(Stored items from a collection)
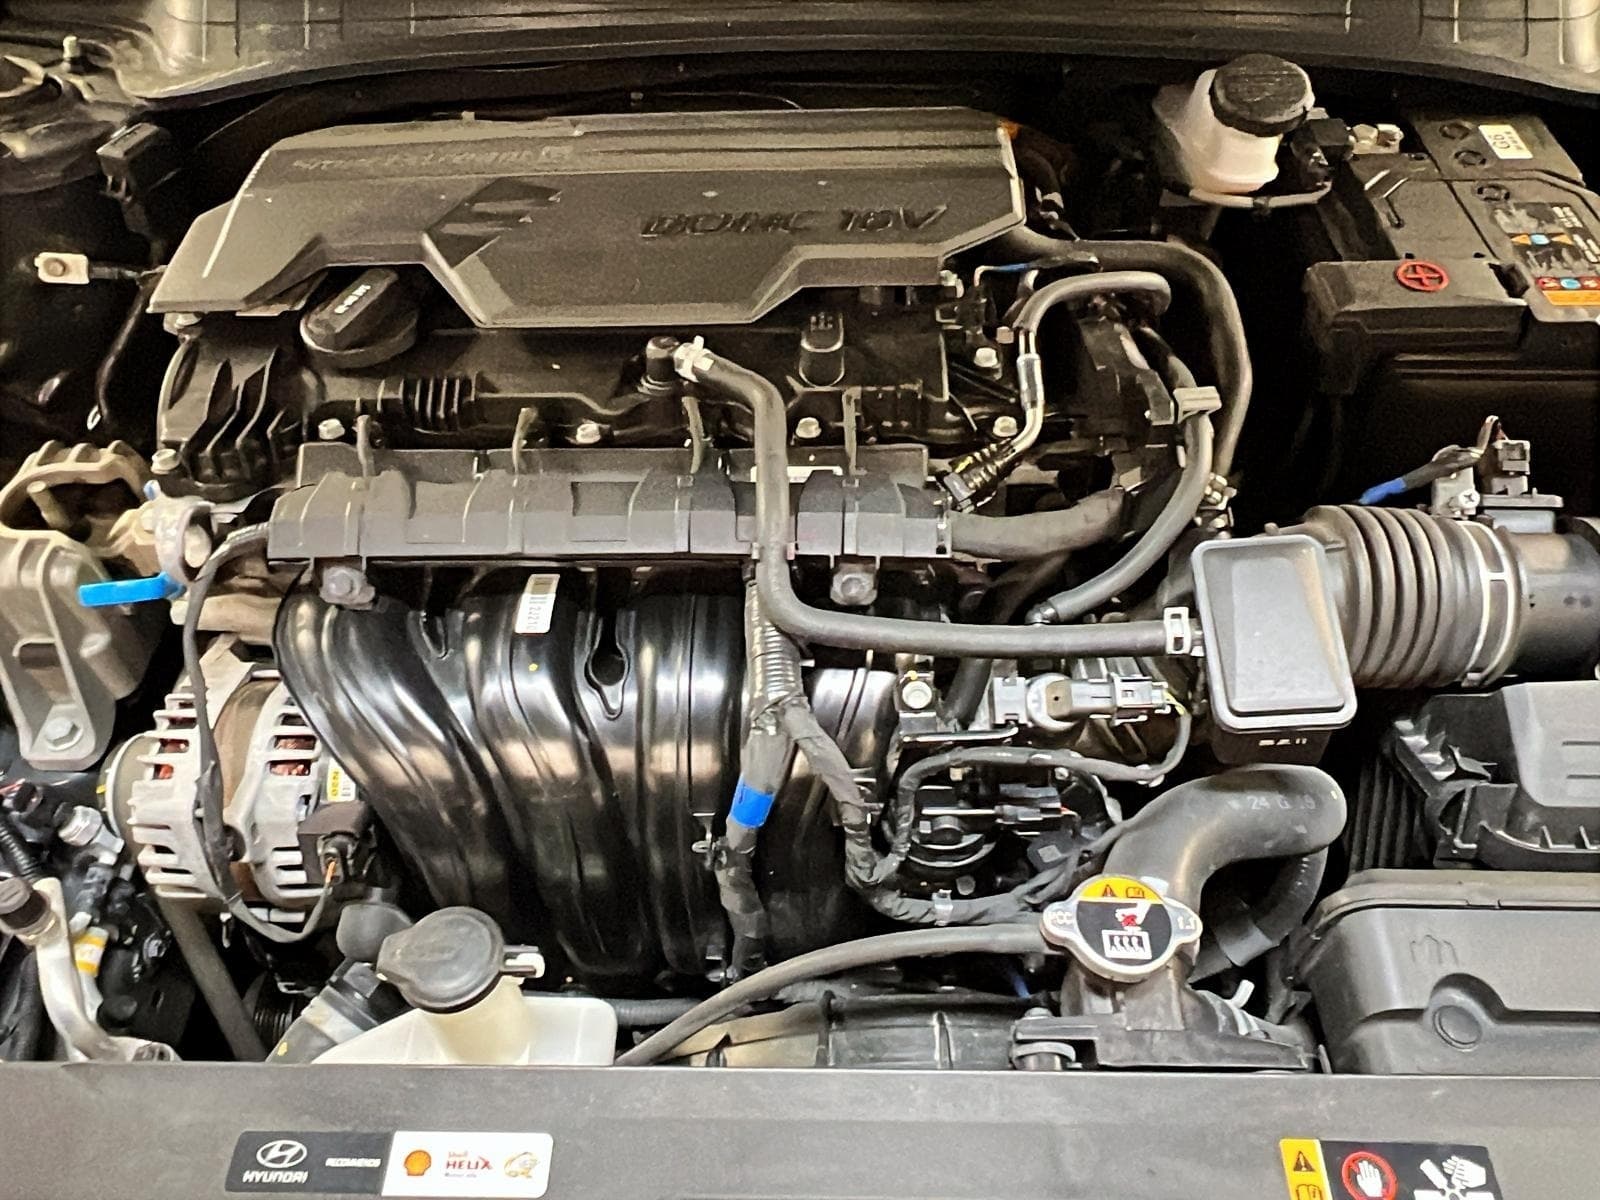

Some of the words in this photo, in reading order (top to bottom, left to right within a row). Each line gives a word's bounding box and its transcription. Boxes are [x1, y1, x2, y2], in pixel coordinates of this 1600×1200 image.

[639, 211, 820, 237] DOHC
[838, 203, 948, 233] 16V
[445, 1156, 494, 1170] HELIX
[242, 1169, 309, 1184] HYUNDAI
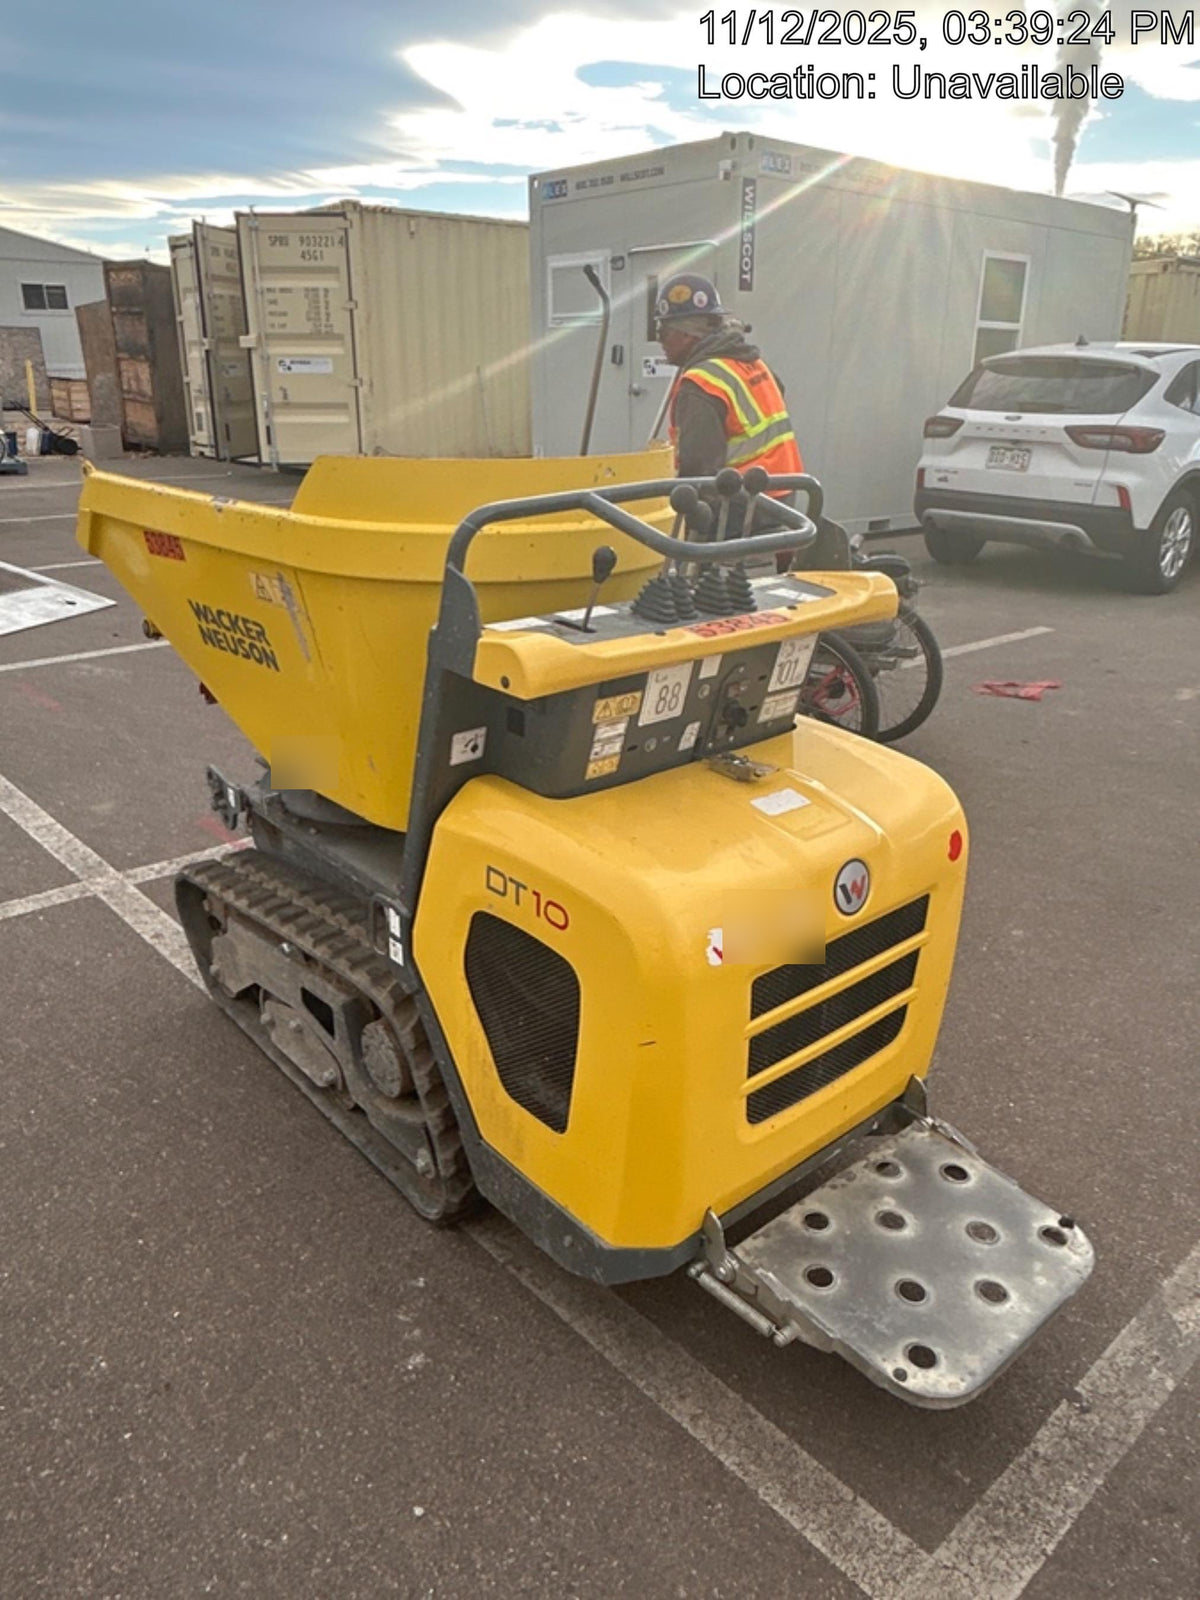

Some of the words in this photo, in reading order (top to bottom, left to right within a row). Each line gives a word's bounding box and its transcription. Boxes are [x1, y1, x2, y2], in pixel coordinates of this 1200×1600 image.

[187, 598, 272, 647] WACKER
[198, 623, 281, 673] NEUSON
[655, 681, 682, 716] 88

• [EXERCISE REQUIREMENTS]:
Copy the data character for character, but drop all pictures from the copy.

• [OUTPUT]:
Some of the words in this photo, in reading order (top to bottom, left to right within a row). Each line gives a word's bounding box and its transcription. Boxes are [x1, y1, x2, y2], in pixel coordinates of this 1600×1200 image.

[639, 211, 820, 237] DOHC
[838, 203, 948, 233] 16V
[445, 1156, 494, 1170] HELIX
[242, 1169, 309, 1184] HYUNDAI

Some of the words in this photo, in reading order (top to bottom, left to right within a row). Each line gives a word's bounding box and its transcription. Boxes are [x1, y1, x2, y2], in pixel coordinates of this 1200×1600 image.

[187, 598, 272, 647] WACKER
[198, 623, 281, 673] NEUSON
[655, 681, 682, 716] 88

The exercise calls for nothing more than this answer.